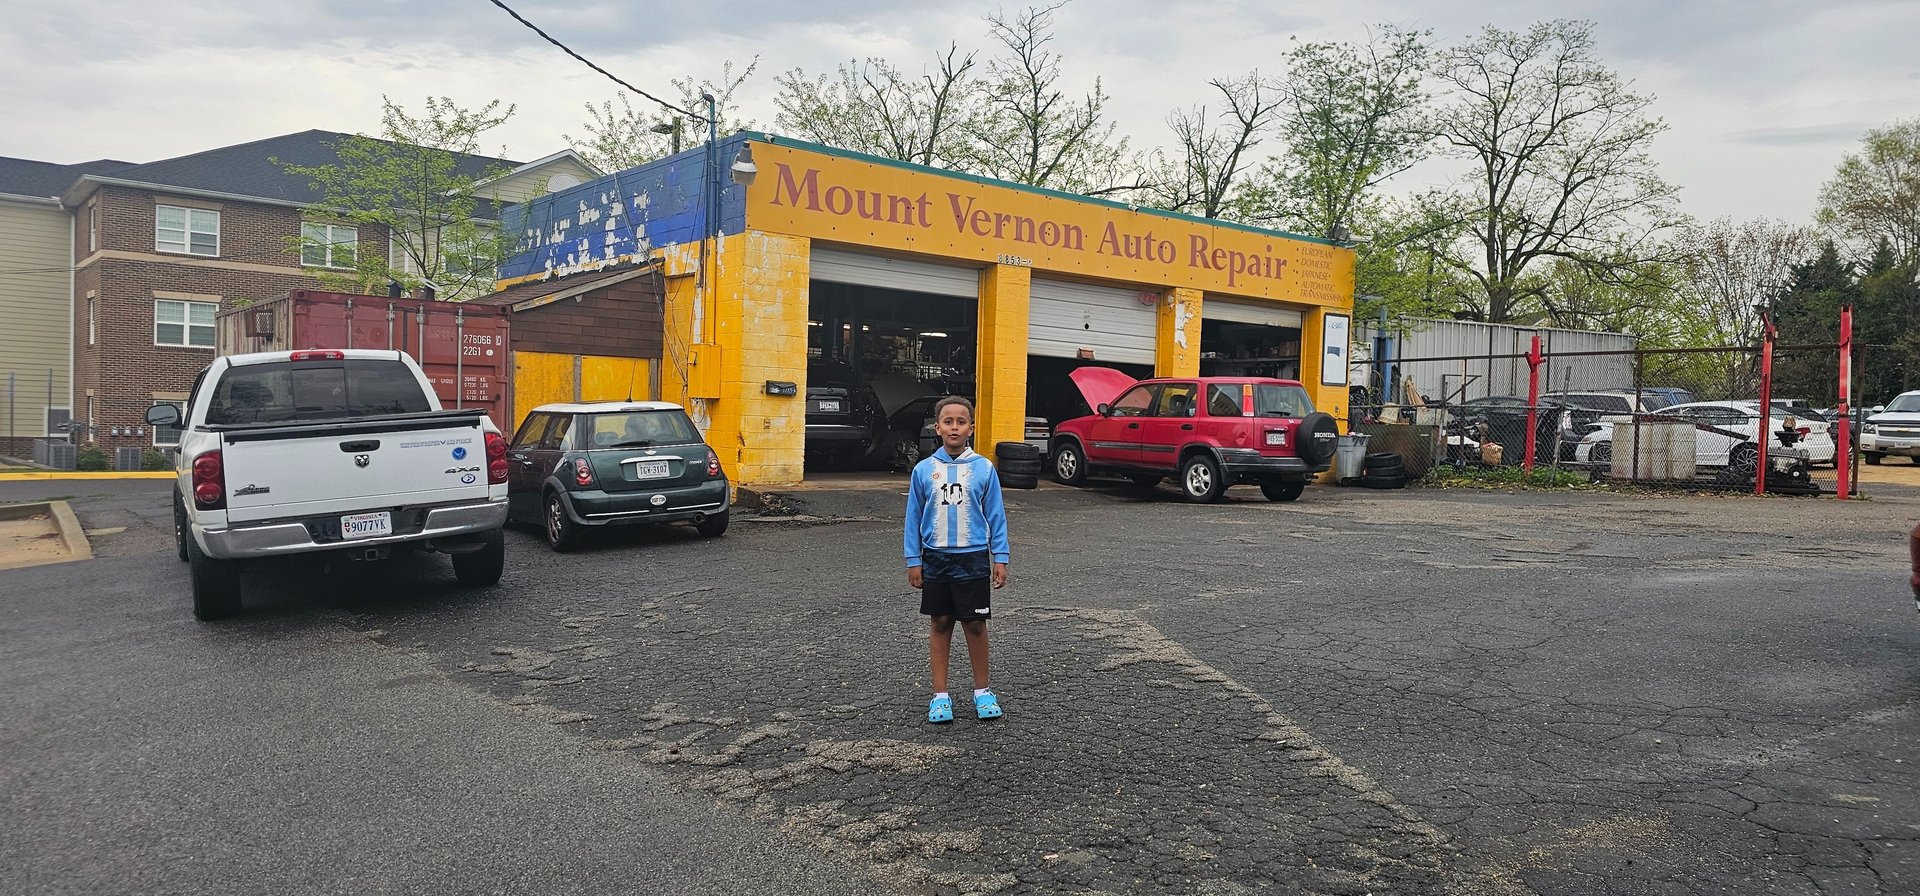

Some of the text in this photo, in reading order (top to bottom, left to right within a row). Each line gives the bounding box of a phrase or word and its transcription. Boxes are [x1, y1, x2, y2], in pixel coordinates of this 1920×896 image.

[768, 162, 1287, 288] Mount Vernon Auto Repair
[1301, 246, 1333, 258] EUROPEAN
[1300, 258, 1332, 270] DOMESTIC
[1300, 269, 1329, 280] JAPANESE
[1300, 281, 1336, 292] AUTOMATIC
[1299, 289, 1346, 302] TRANSMISSIONS
[463, 334, 492, 345] 276066
[463, 346, 481, 356] 22G1
[940, 483, 963, 506] 10
[351, 518, 386, 533] 9077VK
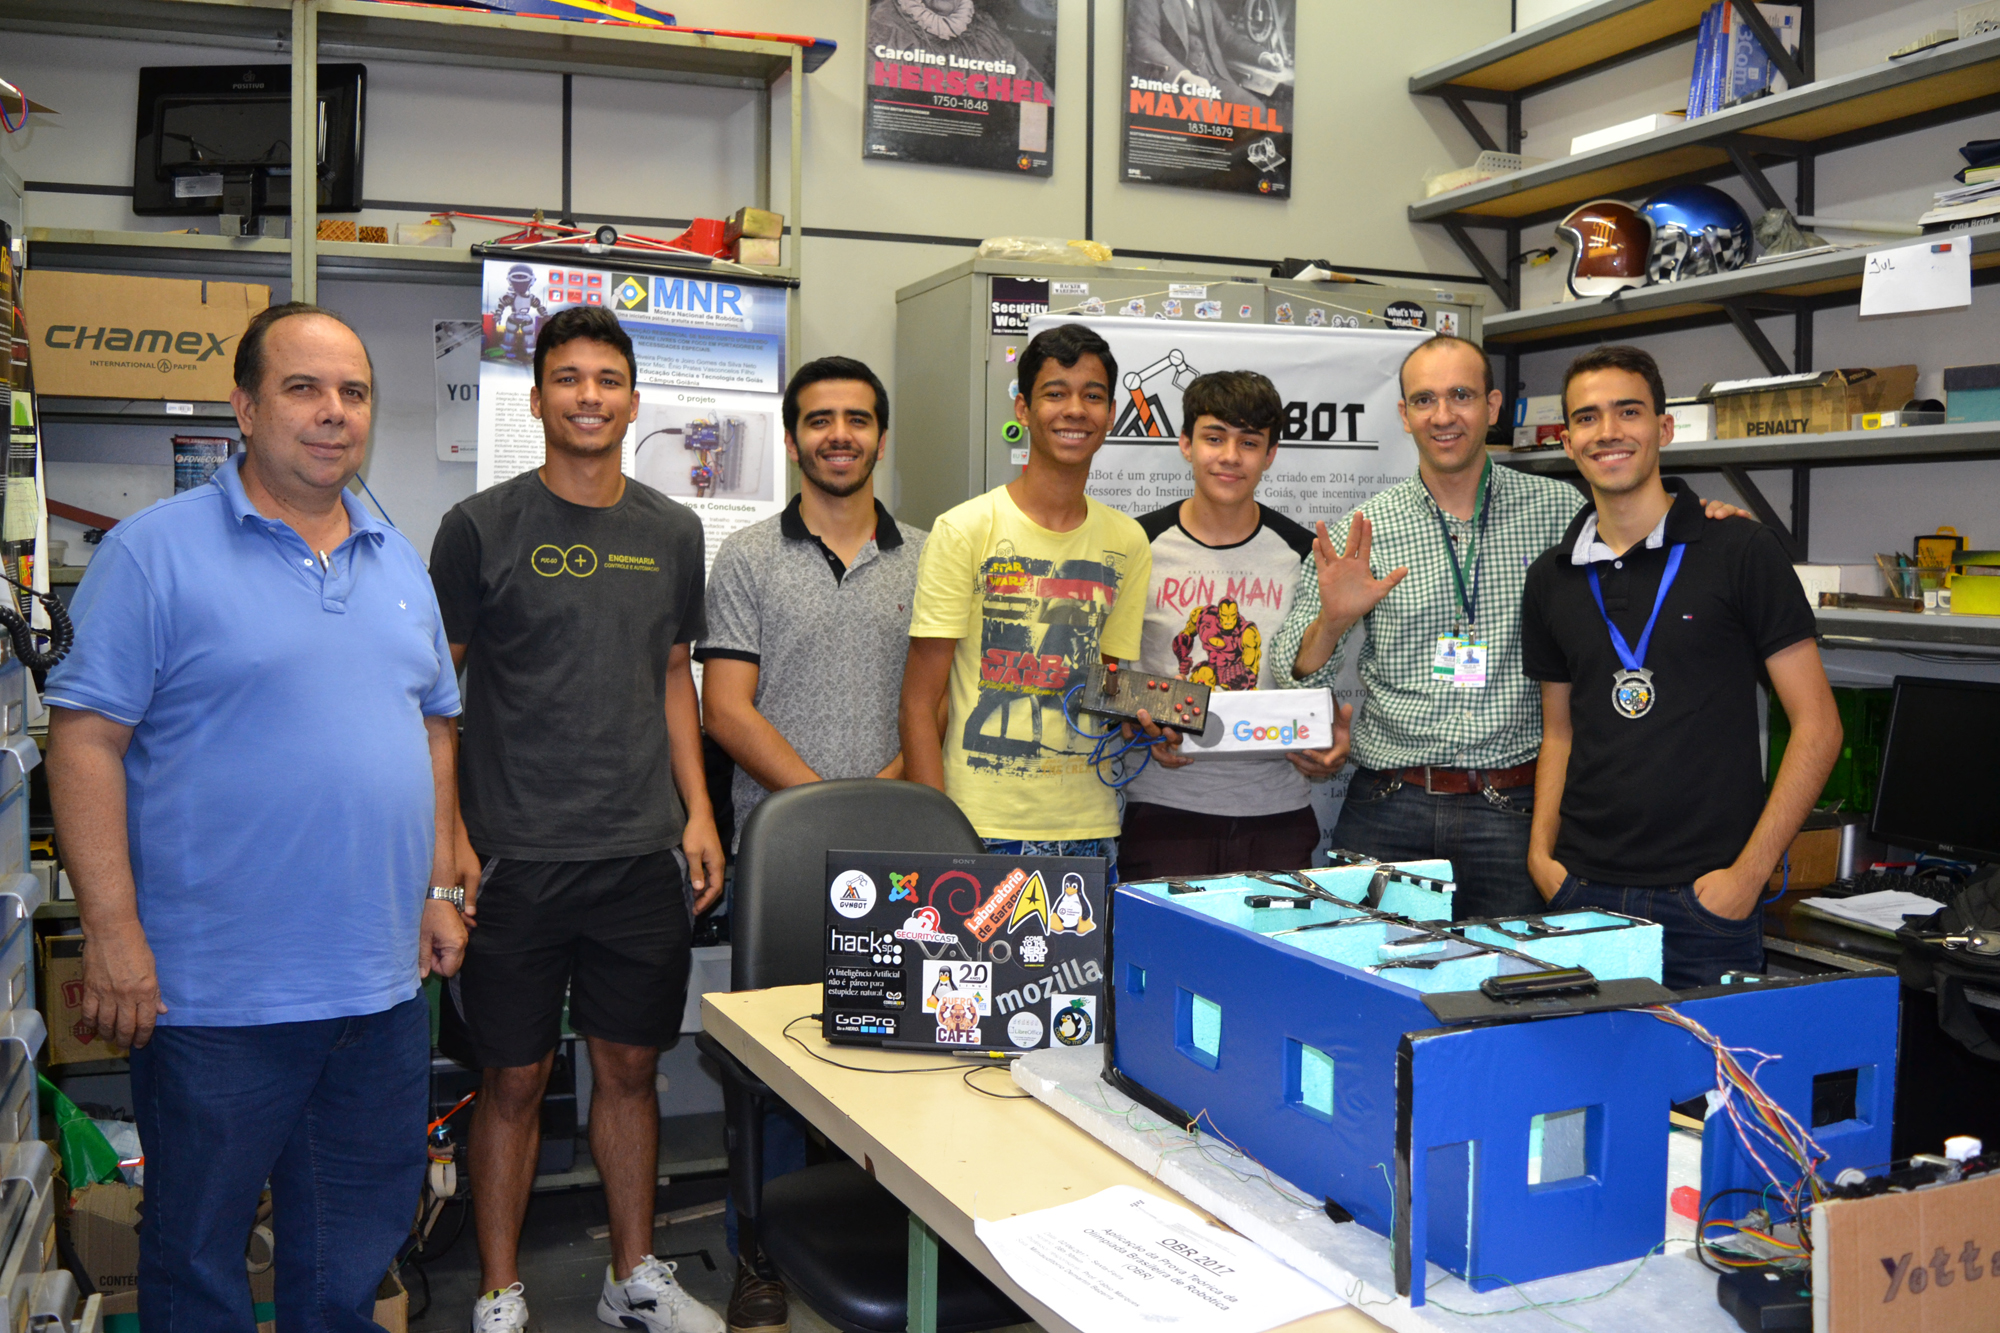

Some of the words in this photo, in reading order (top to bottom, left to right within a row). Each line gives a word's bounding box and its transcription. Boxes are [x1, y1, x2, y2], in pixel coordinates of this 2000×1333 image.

[874, 44, 947, 66] Caroline
[949, 57, 1016, 75] Lucretia
[1735, 24, 1754, 85] 3Com
[874, 61, 1051, 107] HERSCHEL
[1130, 75, 1180, 94] James
[1182, 85, 1222, 100] Clerk
[933, 95, 989, 111] 1750-1848
[1130, 89, 1284, 133] MAXWELL
[1188, 123, 1233, 138] 1831-1879
[654, 277, 743, 316] MNR
[654, 308, 675, 317] Mostra
[677, 311, 704, 319] Nacional
[991, 301, 1048, 315] Security
[1387, 307, 1408, 317] What's
[1410, 309, 1424, 319] Your
[90, 360, 156, 370] INTERNATIONAL
[639, 367, 671, 378] Educação
[671, 370, 694, 378] Ciência
[701, 372, 736, 382] Tecnologia
[745, 376, 764, 384] Goiás
[687, 395, 716, 404] projeto
[1747, 419, 1809, 436] PENALTY
[1117, 470, 1123, 481] é
[1128, 472, 1145, 481] um
[1149, 473, 1181, 484] grupo
[1276, 471, 1307, 483] criado
[1310, 475, 1326, 483] em
[1330, 472, 1355, 484] 2014
[1358, 475, 1374, 486] por
[1136, 486, 1152, 497] do
[1264, 487, 1296, 500] Goiás,
[1300, 491, 1318, 501] que
[1322, 488, 1367, 499] incentiva
[707, 502, 756, 512] Conclusões
[1295, 505, 1302, 513] o
[1308, 503, 1342, 514] intuito
[608, 554, 655, 565] ENGENHARIA
[989, 562, 1025, 574] STAR
[989, 576, 1028, 587] WARS
[1156, 574, 1215, 616] IRON
[1226, 576, 1283, 611] MAN
[981, 648, 1069, 673] STAR
[982, 663, 1070, 689] WARS
[1233, 719, 1310, 746] Google
[840, 901, 868, 909] GYNBOT
[967, 871, 1024, 931] Laboratório
[896, 931, 957, 943] SECURITYCAST
[978, 924, 993, 940] de
[831, 929, 883, 954] hack
[1019, 946, 1049, 956] NERD
[1023, 955, 1046, 963] SIDE
[836, 969, 873, 979] Inteligência
[873, 970, 901, 979] Artificial
[959, 963, 989, 985] 20
[842, 978, 847, 986] é
[849, 979, 869, 990] páreo
[870, 981, 885, 990] para
[995, 958, 1104, 1016] mozilla
[828, 988, 859, 998] estupidez
[942, 996, 973, 1007] QUERO
[1015, 1028, 1043, 1036] LibreOffice
[1161, 1238, 1198, 1257] OBR
[1194, 1255, 1236, 1275] 2017
[1083, 1228, 1128, 1254] Olimpíada
[1126, 1252, 1171, 1279] Brasileira
[1170, 1277, 1184, 1286] de
[1183, 1284, 1230, 1311] Robótica
[1101, 1228, 1146, 1253] Aplicação
[1145, 1250, 1159, 1260] da
[1157, 1258, 1188, 1275] Prova
[1188, 1274, 1224, 1295] Teórica
[1223, 1294, 1238, 1303] da
[1121, 1263, 1155, 1280] (OBR)

Goal of the exercise> Pictures must not appear in the copy, which must otherwise match the listing exactly.

Solved problem>
Some of the text in this photo, in reading order (top to bottom, left to right within a row). Each line gives the bounding box of a phrase or word and its transcription. Boxes are [x1, y1, x2, y2], in pixel coordinates of this 1920×896 image.

[768, 162, 1287, 288] Mount Vernon Auto Repair
[1301, 246, 1333, 258] EUROPEAN
[1300, 258, 1332, 270] DOMESTIC
[1300, 269, 1329, 280] JAPANESE
[1300, 281, 1336, 292] AUTOMATIC
[1299, 289, 1346, 302] TRANSMISSIONS
[463, 334, 492, 345] 276066
[463, 346, 481, 356] 22G1
[940, 483, 963, 506] 10
[351, 518, 386, 533] 9077VK

Some of the words in this photo, in reading order (top to bottom, left to right within a row). Each line gives a word's bounding box and its transcription. Boxes are [x1, y1, x2, y2], in pixel coordinates of this 2000×1333 image.

[874, 44, 947, 66] Caroline
[949, 57, 1016, 75] Lucretia
[1735, 24, 1754, 85] 3Com
[874, 61, 1051, 107] HERSCHEL
[1130, 75, 1180, 94] James
[1182, 85, 1222, 100] Clerk
[933, 95, 989, 111] 1750-1848
[1130, 89, 1284, 133] MAXWELL
[1188, 123, 1233, 138] 1831-1879
[654, 277, 743, 316] MNR
[654, 308, 675, 317] Mostra
[677, 311, 704, 319] Nacional
[991, 301, 1048, 315] Security
[1387, 307, 1408, 317] What's
[1410, 309, 1424, 319] Your
[90, 360, 156, 370] INTERNATIONAL
[639, 367, 671, 378] Educação
[671, 370, 694, 378] Ciência
[701, 372, 736, 382] Tecnologia
[745, 376, 764, 384] Goiás
[687, 395, 716, 404] projeto
[1747, 419, 1809, 436] PENALTY
[1117, 470, 1123, 481] é
[1128, 472, 1145, 481] um
[1149, 473, 1181, 484] grupo
[1276, 471, 1307, 483] criado
[1310, 475, 1326, 483] em
[1330, 472, 1355, 484] 2014
[1358, 475, 1374, 486] por
[1136, 486, 1152, 497] do
[1264, 487, 1296, 500] Goiás,
[1300, 491, 1318, 501] que
[1322, 488, 1367, 499] incentiva
[707, 502, 756, 512] Conclusões
[1295, 505, 1302, 513] o
[1308, 503, 1342, 514] intuito
[608, 554, 655, 565] ENGENHARIA
[989, 562, 1025, 574] STAR
[989, 576, 1028, 587] WARS
[1156, 574, 1215, 616] IRON
[1226, 576, 1283, 611] MAN
[981, 648, 1069, 673] STAR
[982, 663, 1070, 689] WARS
[1233, 719, 1310, 746] Google
[840, 901, 868, 909] GYNBOT
[967, 871, 1024, 931] Laboratório
[896, 931, 957, 943] SECURITYCAST
[978, 924, 993, 940] de
[831, 929, 883, 954] hack
[1019, 946, 1049, 956] NERD
[1023, 955, 1046, 963] SIDE
[836, 969, 873, 979] Inteligência
[873, 970, 901, 979] Artificial
[959, 963, 989, 985] 20
[842, 978, 847, 986] é
[849, 979, 869, 990] páreo
[870, 981, 885, 990] para
[995, 958, 1104, 1016] mozilla
[828, 988, 859, 998] estupidez
[942, 996, 973, 1007] QUERO
[1015, 1028, 1043, 1036] LibreOffice
[1161, 1238, 1198, 1257] OBR
[1194, 1255, 1236, 1275] 2017
[1083, 1228, 1128, 1254] Olimpíada
[1126, 1252, 1171, 1279] Brasileira
[1170, 1277, 1184, 1286] de
[1183, 1284, 1230, 1311] Robótica
[1101, 1228, 1146, 1253] Aplicação
[1145, 1250, 1159, 1260] da
[1157, 1258, 1188, 1275] Prova
[1188, 1274, 1224, 1295] Teórica
[1223, 1294, 1238, 1303] da
[1121, 1263, 1155, 1280] (OBR)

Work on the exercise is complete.